Again, from my position of relative ignorance, it seems like graphics is largely a well defined problem space that needs mathematical ingenuity and bigger/better hardware thrown at it, rather than building a black box function by training it on sample inputs and outputs (what would that even look like?)
- Asooka 8y agoThey're using Nvidia's denoiser which is based on a pretrained neural network. Edit: look up "optix denoiser"
- Shikadi 8y agoTo my knowledge, it's a buzzword.
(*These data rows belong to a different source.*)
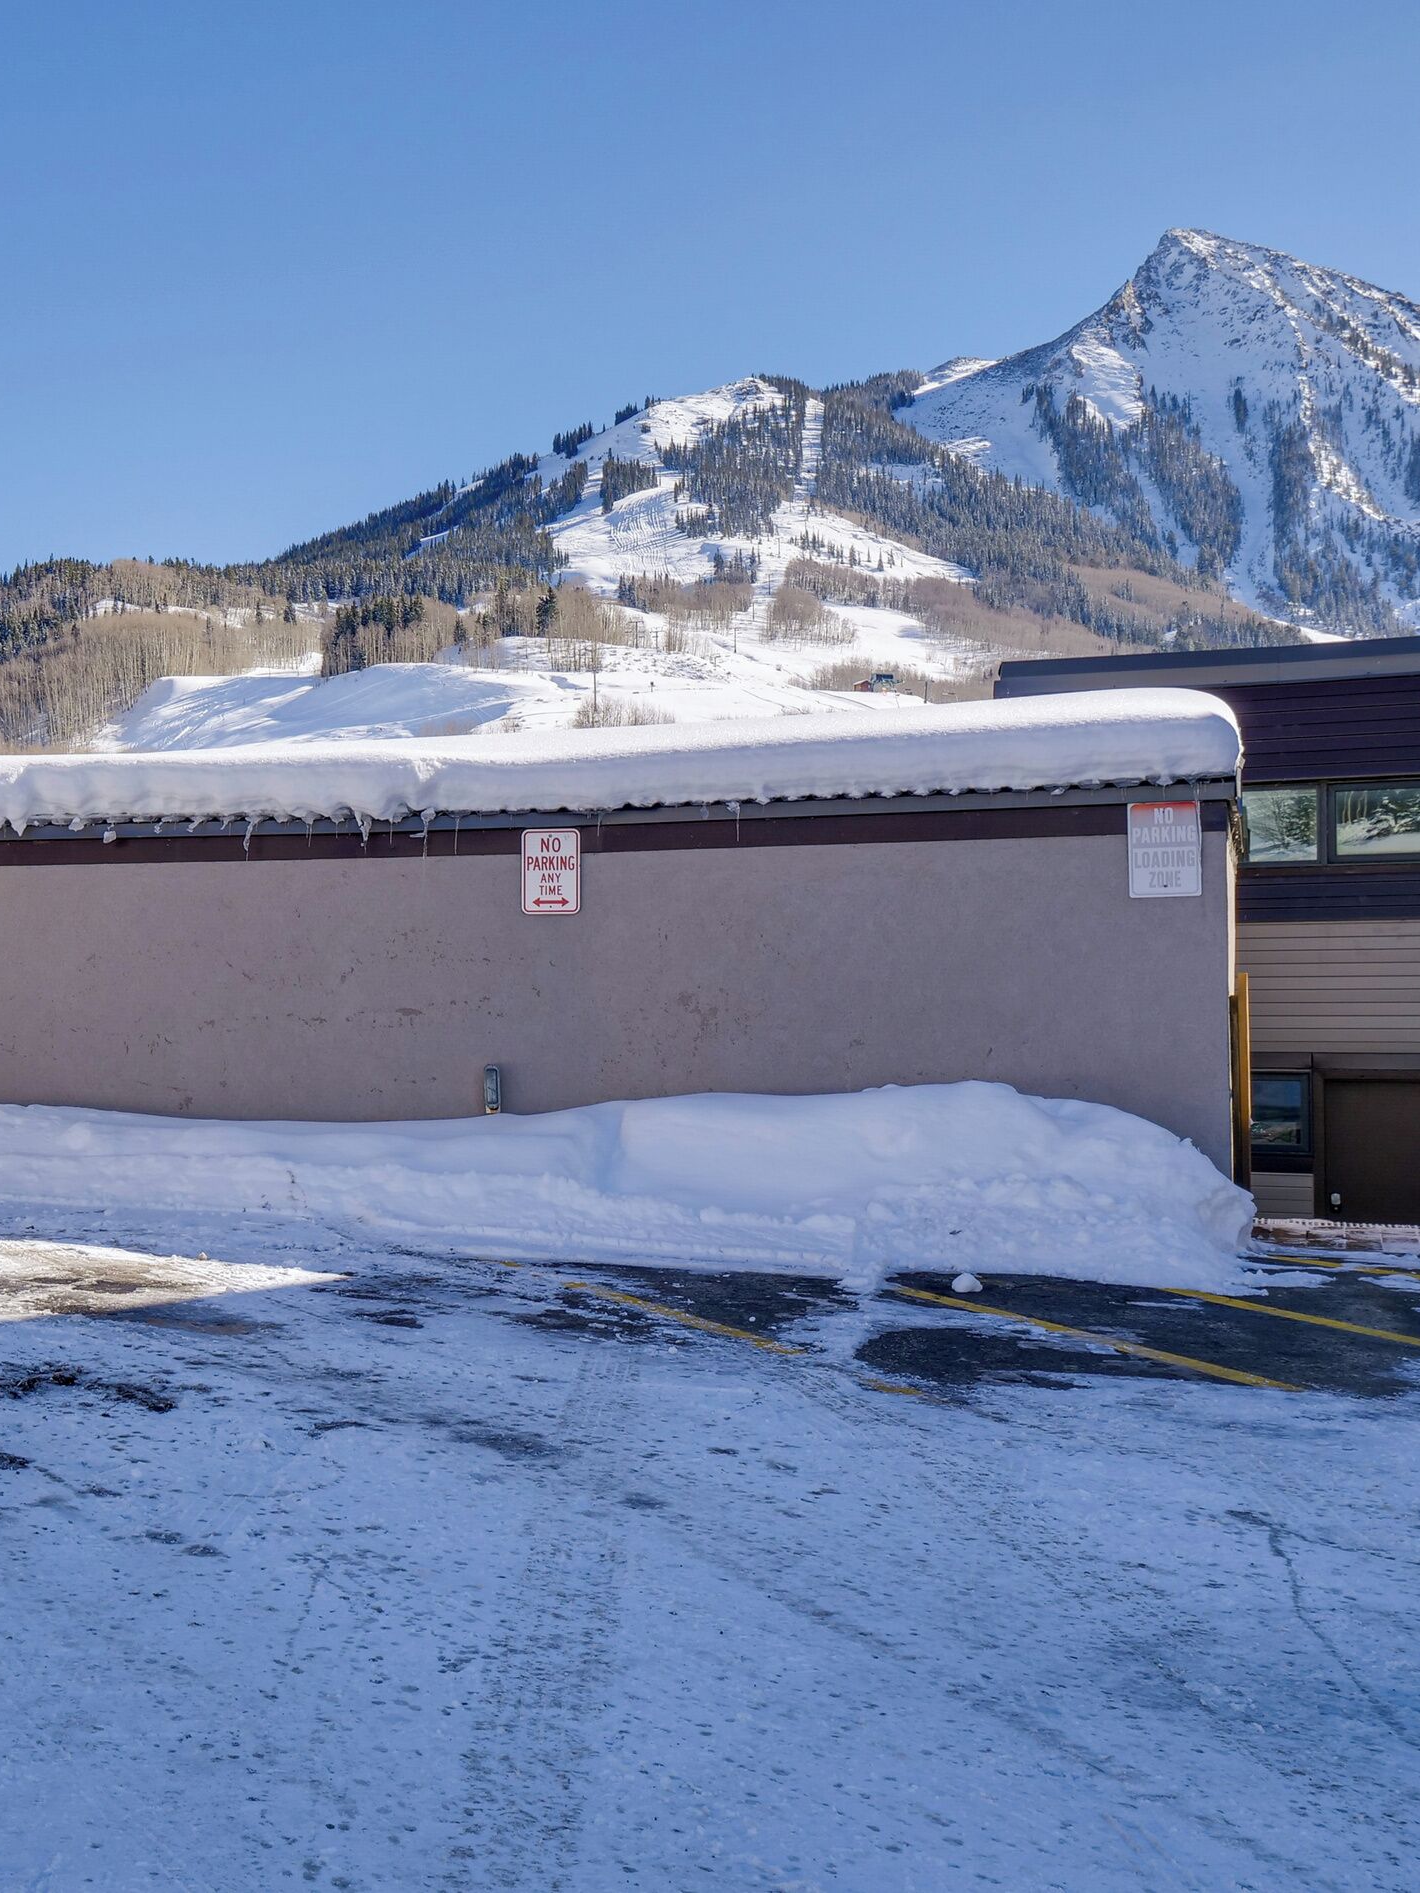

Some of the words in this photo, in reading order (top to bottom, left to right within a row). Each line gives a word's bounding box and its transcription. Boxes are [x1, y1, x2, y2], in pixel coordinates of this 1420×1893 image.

[1153, 807, 1173, 825] NO
[1132, 825, 1197, 844] PARKING
[540, 837, 561, 853] NO
[526, 855, 575, 871] PARKING
[1134, 849, 1196, 869] LOADING
[540, 873, 561, 884] ANY
[1149, 870, 1182, 889] ZONE
[539, 885, 563, 896] TIME
That being said, I'm also not an expert, and would like to hear from one to be sure, since it would be interesting af if they actually are using machine learning for Ray tracing
- meheleventyone 8y agoFor raytracing it's been used to de-noise images: https://blogs.nvidia.com/blog/2017/05/10/ai-for-ray-tracing/ https://blogs.nvidia.com/blog/2017/05/10/ai-for-ray-tracing/
- jessewmc 8y agoTIL, thanks. That's a more prosaic answer than I was expecting but clever and makes sense.
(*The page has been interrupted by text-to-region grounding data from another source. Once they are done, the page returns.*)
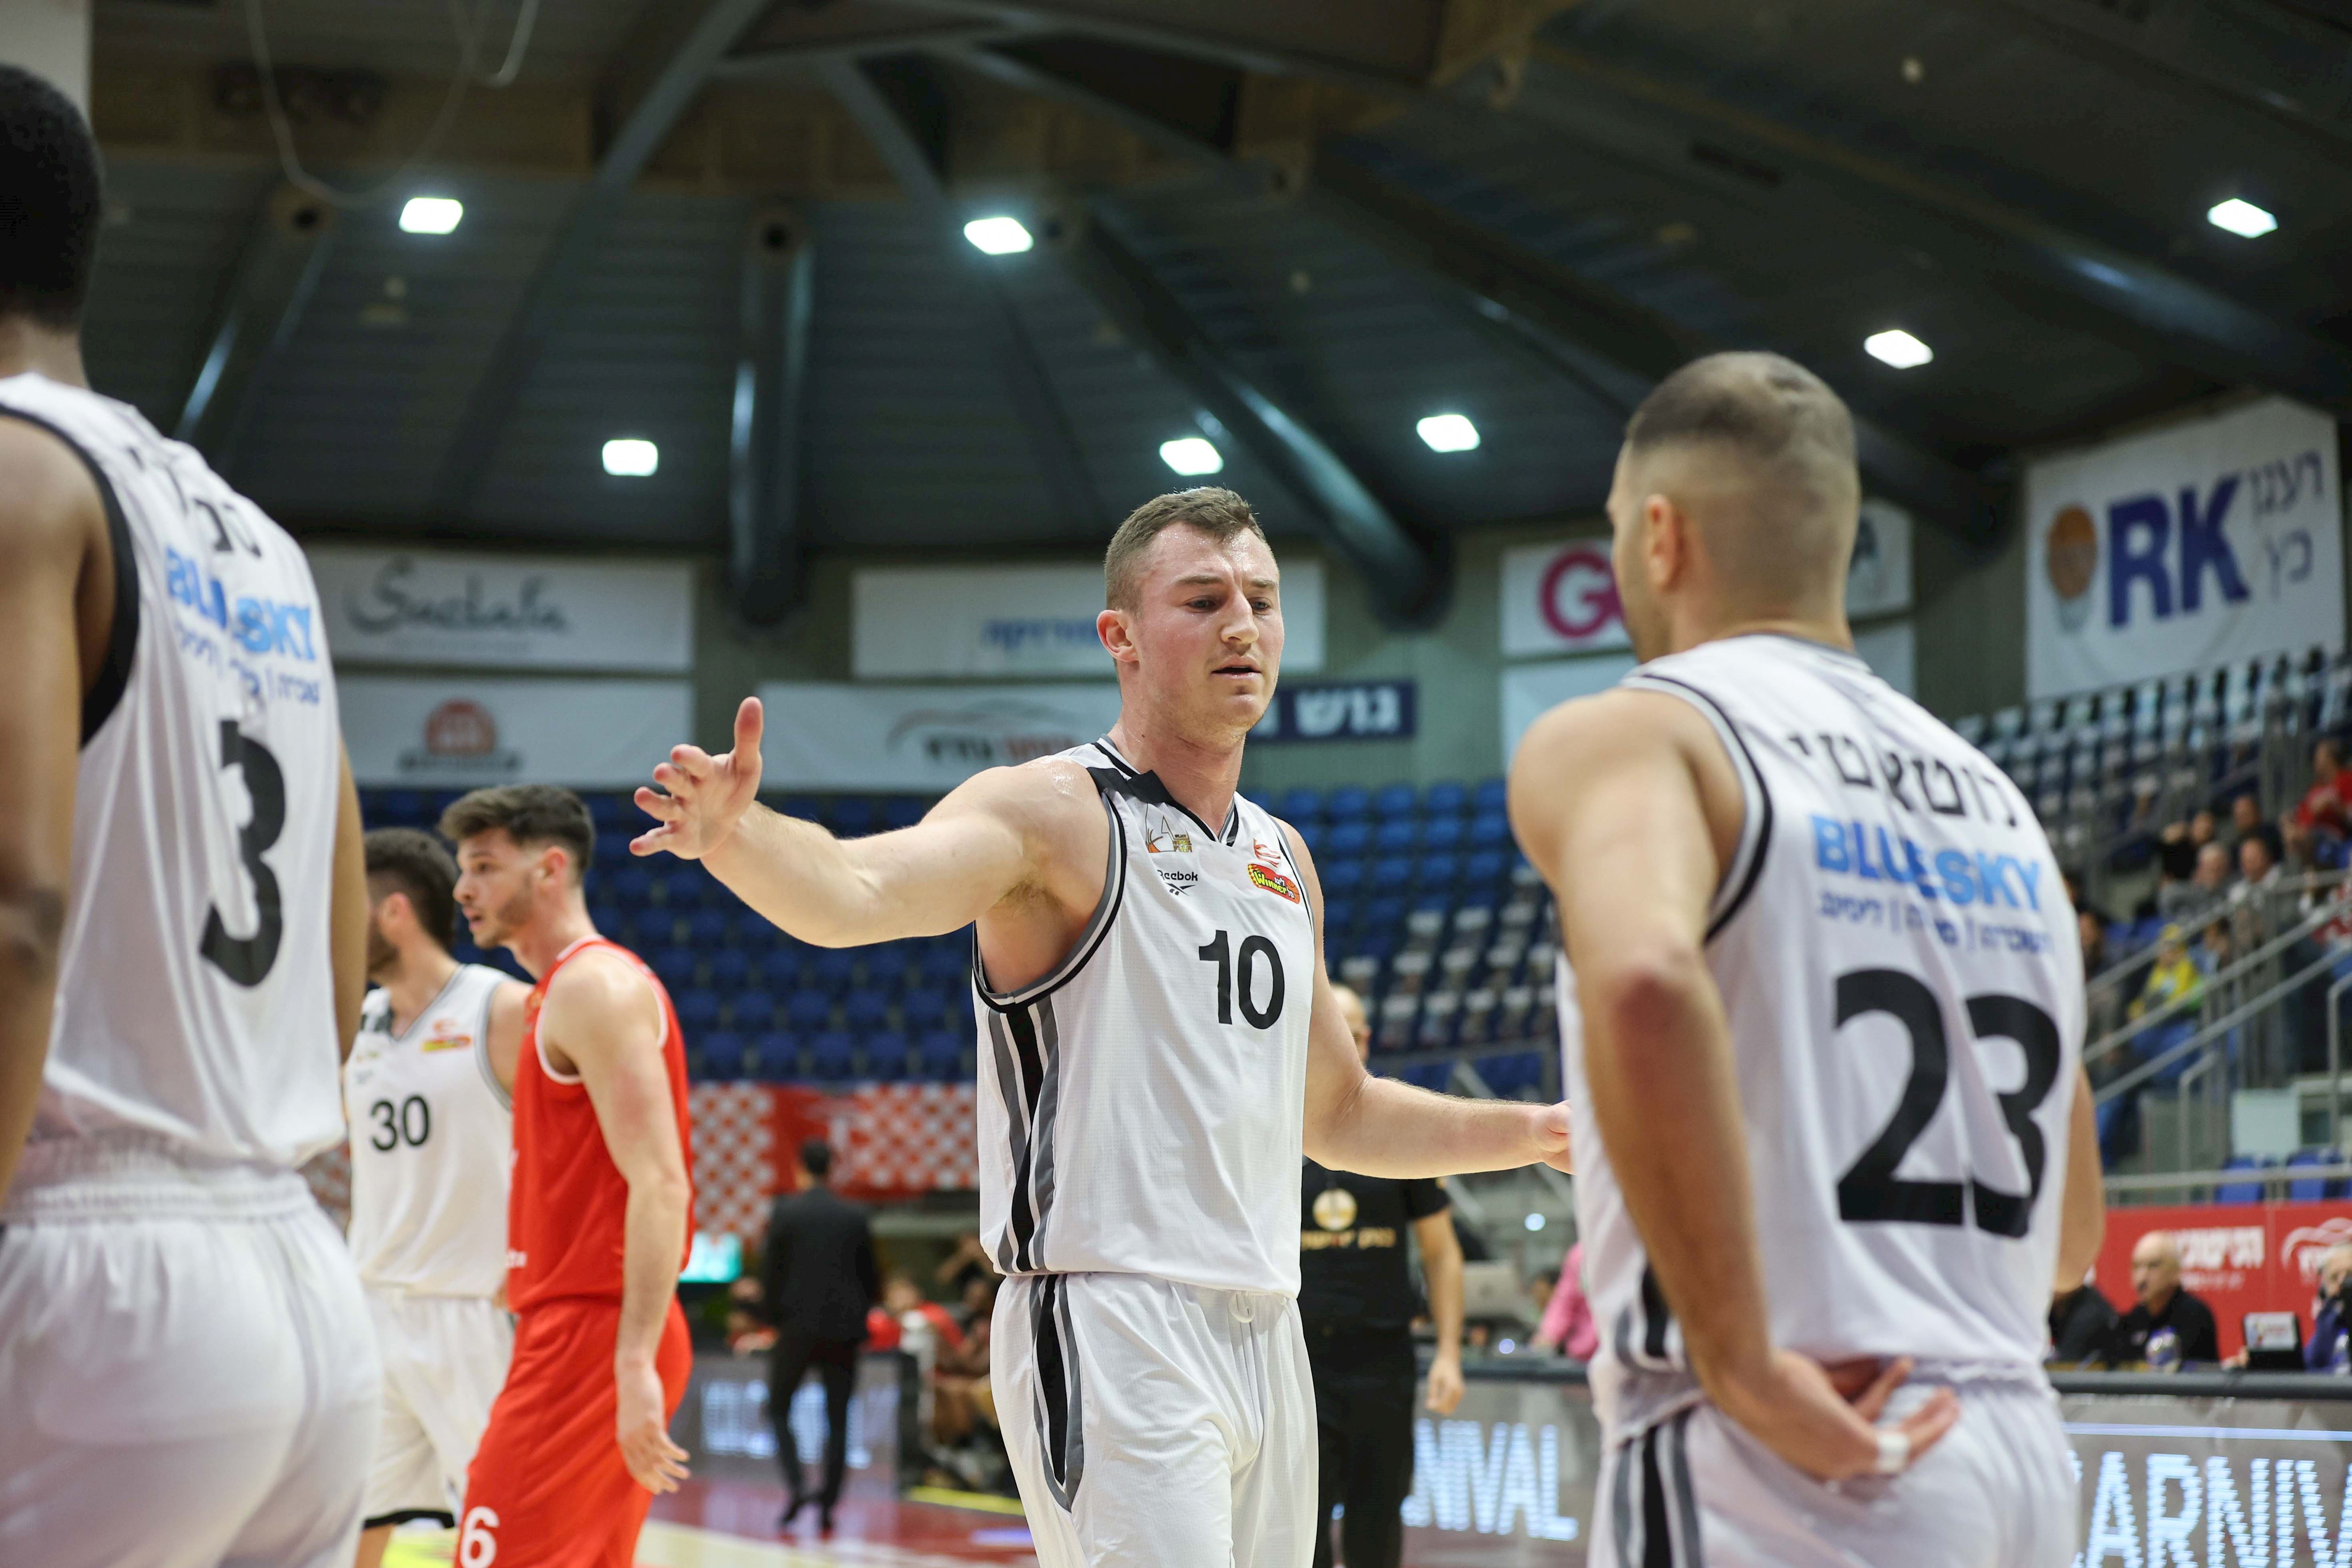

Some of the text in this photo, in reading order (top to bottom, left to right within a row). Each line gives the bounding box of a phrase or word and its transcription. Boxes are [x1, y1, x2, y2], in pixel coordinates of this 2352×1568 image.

[1539, 551, 1621, 639] G
[2108, 473, 2251, 627] RK
[2265, 528, 2313, 603] כץ
[200, 720, 286, 987] 3
[1199, 930, 1285, 1029] 10
[370, 1094, 430, 1153] 30
[1834, 967, 2060, 1239] 23
[1400, 1418, 1579, 1541] NIVAL
[460, 1505, 501, 1568] 6
- John_KZ 8y agoIf you look closely, at around 0:22 it causes some artifacts in the rifle's red light matrix thingy. It could be regular compression artifacts, but they look like denoising artifacts to me.
- faragon 8y agoCould it be just an intentional focus effect?
- amelius 8y agoHow "local" are such techniques? Is the DL network doing things like "this is a car, and this is a patch of it, so it must look smooth"? Or is it more like "this patch is noisy, so let's make it smooth and hope for the best"?
- haldean 8y agoMore on the local end. Traditional denoising is edge finding + blur; you find the edges that you want to keep crisp and you blur on both sides of the edges. ML has been really good at somehow replicating and improving upon that result without explicitly building any sort of understanding about what it is that it's denoising.
- moultano 8y agoI don't think this is what they are actually using, but path tracing can be reduced to a really huge sparse sampling problem. This means that given any predictive model of how much paths through the scene will add light to a pixel, you can make that model unbiased by using https://en.wikipedia.org/wiki/Importance_sampling https://en.wikipedia.org/wiki/Importance_sampling So a model trained to take the samples you have so far and predict paths that will also connect eye to light sources could hugely speed up rendering. I don't know of any software that does this, so free idea if someone wants to try it.
- pixel_fcker 8y agothere was a paper recently caching sparse radiance results and using ML to predict important paths from that. I believe the latest version of Octane might do something like that if you read between the lines of their marketing guff.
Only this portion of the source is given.